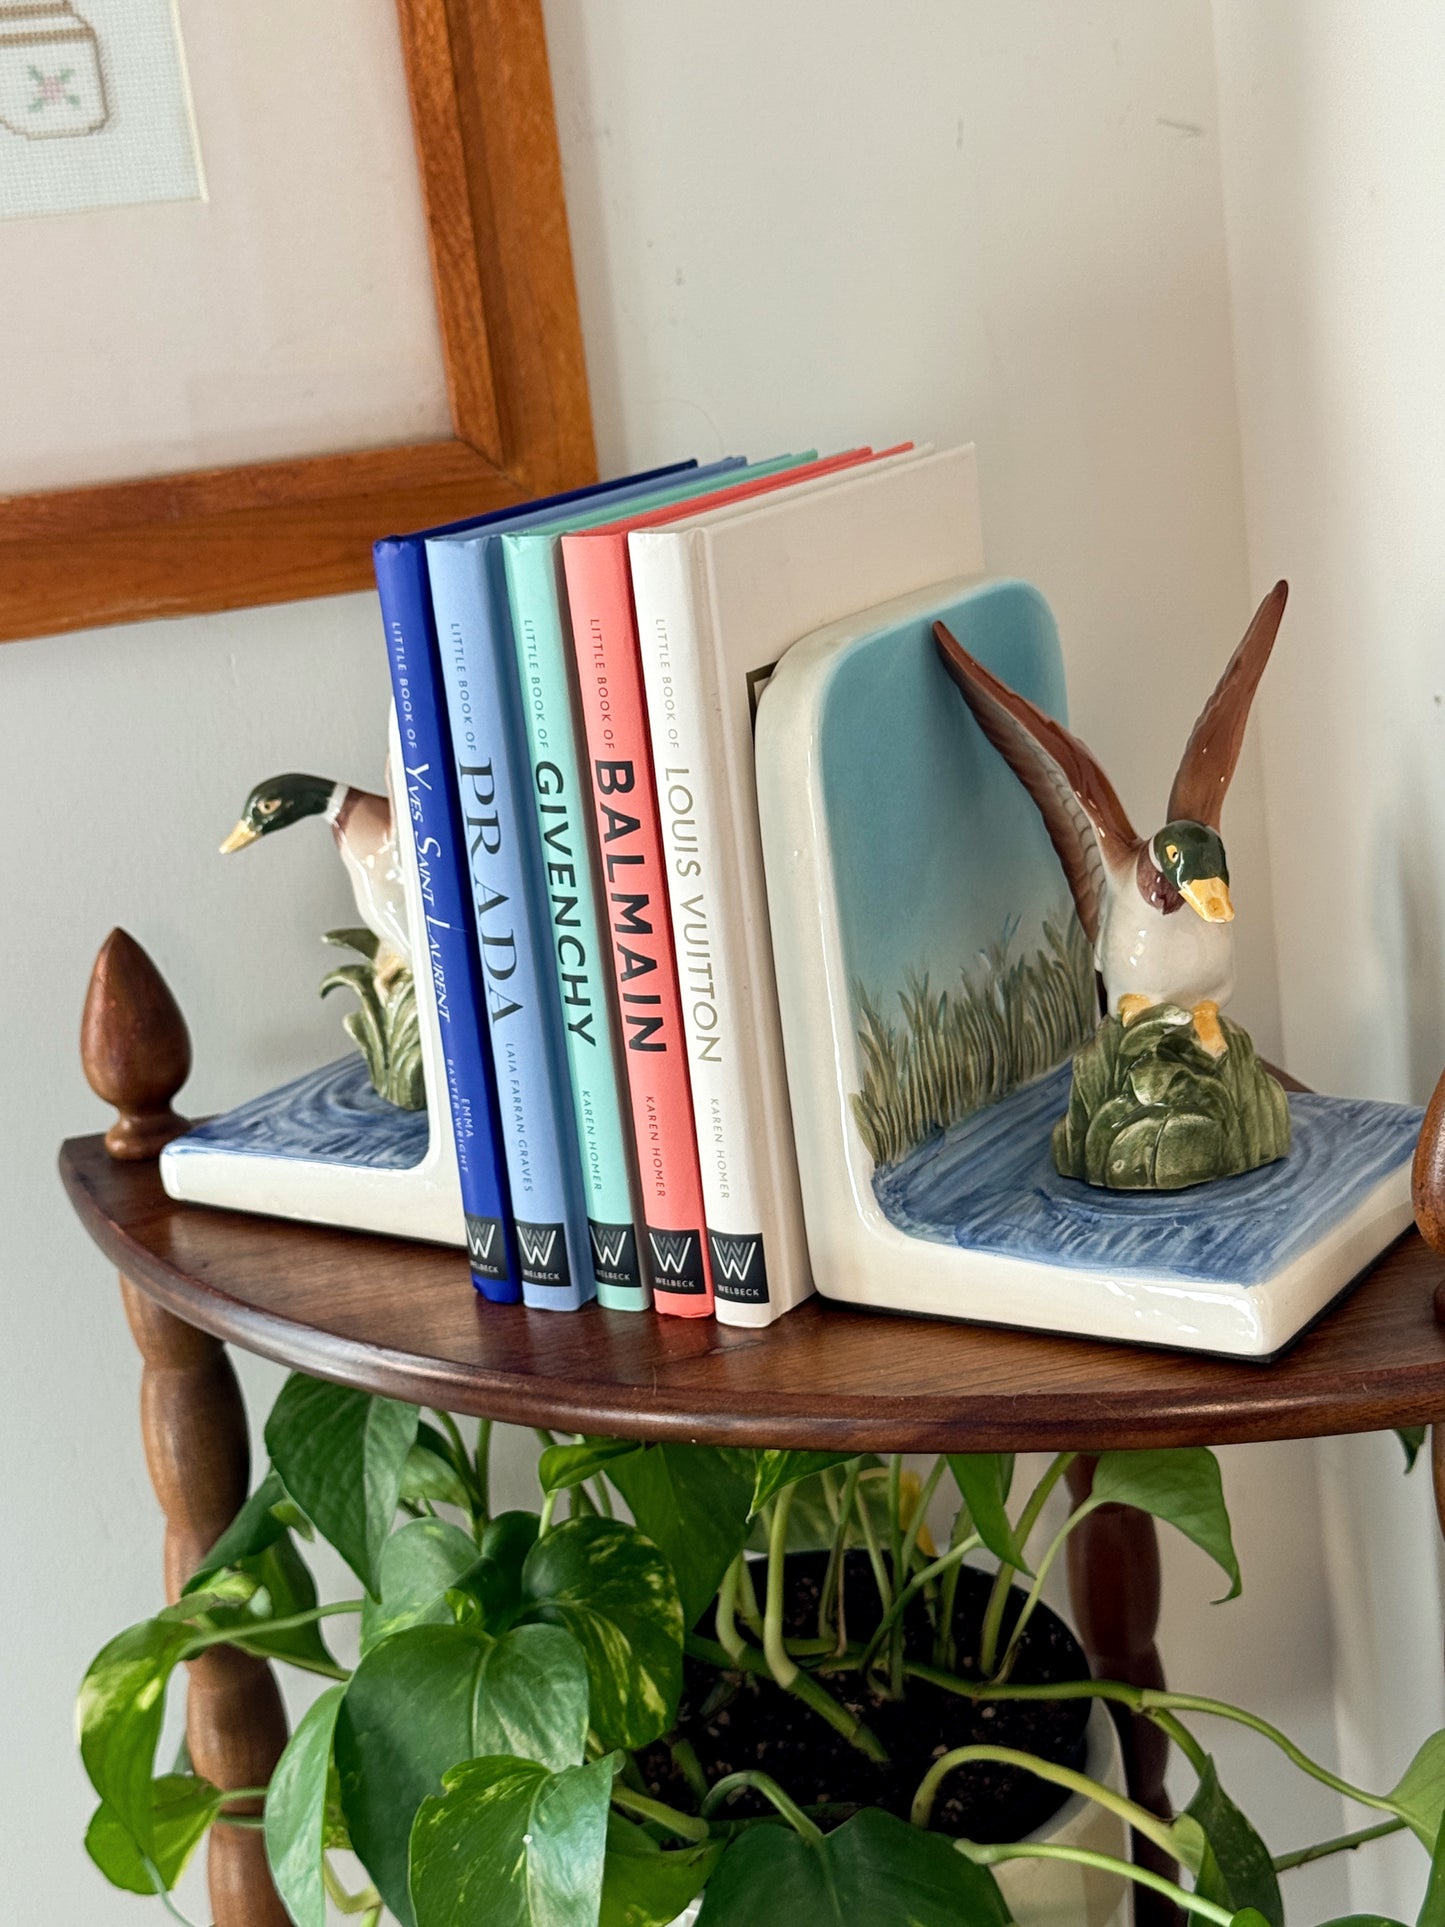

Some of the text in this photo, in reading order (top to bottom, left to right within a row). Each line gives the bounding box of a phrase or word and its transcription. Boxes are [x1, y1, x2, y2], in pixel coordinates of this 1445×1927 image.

[391, 621, 417, 749] LITTLE BOOK OF
[450, 622, 477, 751] LITTLE BOOK OF
[524, 619, 549, 748] LITTLE BOOK OF
[590, 618, 615, 749] LITTLE BOOK OF
[655, 618, 679, 749] LITTLE BOOK OF
[458, 757, 523, 1025] PRADA
[535, 761, 596, 1047] GIVENCHY
[595, 759, 667, 1052] BALMAIN
[665, 767, 722, 1063] LOUIS VUITTON
[461, 1097, 474, 1138] EMMA
[505, 1042, 533, 1192] LAIA FARRAN GRAVES
[582, 1089, 602, 1190] KAREN HOMER
[645, 1095, 666, 1197] KAREN HOMER
[710, 1097, 730, 1199] KAREN HOMER
[516, 1225, 557, 1267] W
[523, 1268, 561, 1281] WELBECK
[589, 1224, 627, 1267] W
[596, 1268, 632, 1281] WELBECK
[649, 1232, 692, 1274] W
[654, 1276, 695, 1288] WELBECK
[712, 1236, 757, 1281] W
[717, 1283, 760, 1297] WELBECK

==================================================

Task ▸
Restate the records word for word and drop the images.

Result below ▸
Some of the text in this photo, in reading order (top to bottom, left to right within a row). Each line gives the bounding box of a phrase or word and its transcription. Boxes are [x1, y1, x2, y2], in pixel coordinates of this 1445×1927 image.

[391, 621, 417, 749] LITTLE BOOK OF
[450, 622, 477, 751] LITTLE BOOK OF
[524, 619, 549, 748] LITTLE BOOK OF
[590, 618, 615, 749] LITTLE BOOK OF
[655, 618, 679, 749] LITTLE BOOK OF
[458, 757, 523, 1025] PRADA
[535, 761, 596, 1047] GIVENCHY
[595, 759, 667, 1052] BALMAIN
[665, 767, 722, 1063] LOUIS VUITTON
[461, 1097, 474, 1138] EMMA
[505, 1042, 533, 1192] LAIA FARRAN GRAVES
[582, 1089, 602, 1190] KAREN HOMER
[645, 1095, 666, 1197] KAREN HOMER
[710, 1097, 730, 1199] KAREN HOMER
[516, 1225, 557, 1267] W
[523, 1268, 561, 1281] WELBECK
[589, 1224, 627, 1267] W
[596, 1268, 632, 1281] WELBECK
[649, 1232, 692, 1274] W
[654, 1276, 695, 1288] WELBECK
[712, 1236, 757, 1281] W
[717, 1283, 760, 1297] WELBECK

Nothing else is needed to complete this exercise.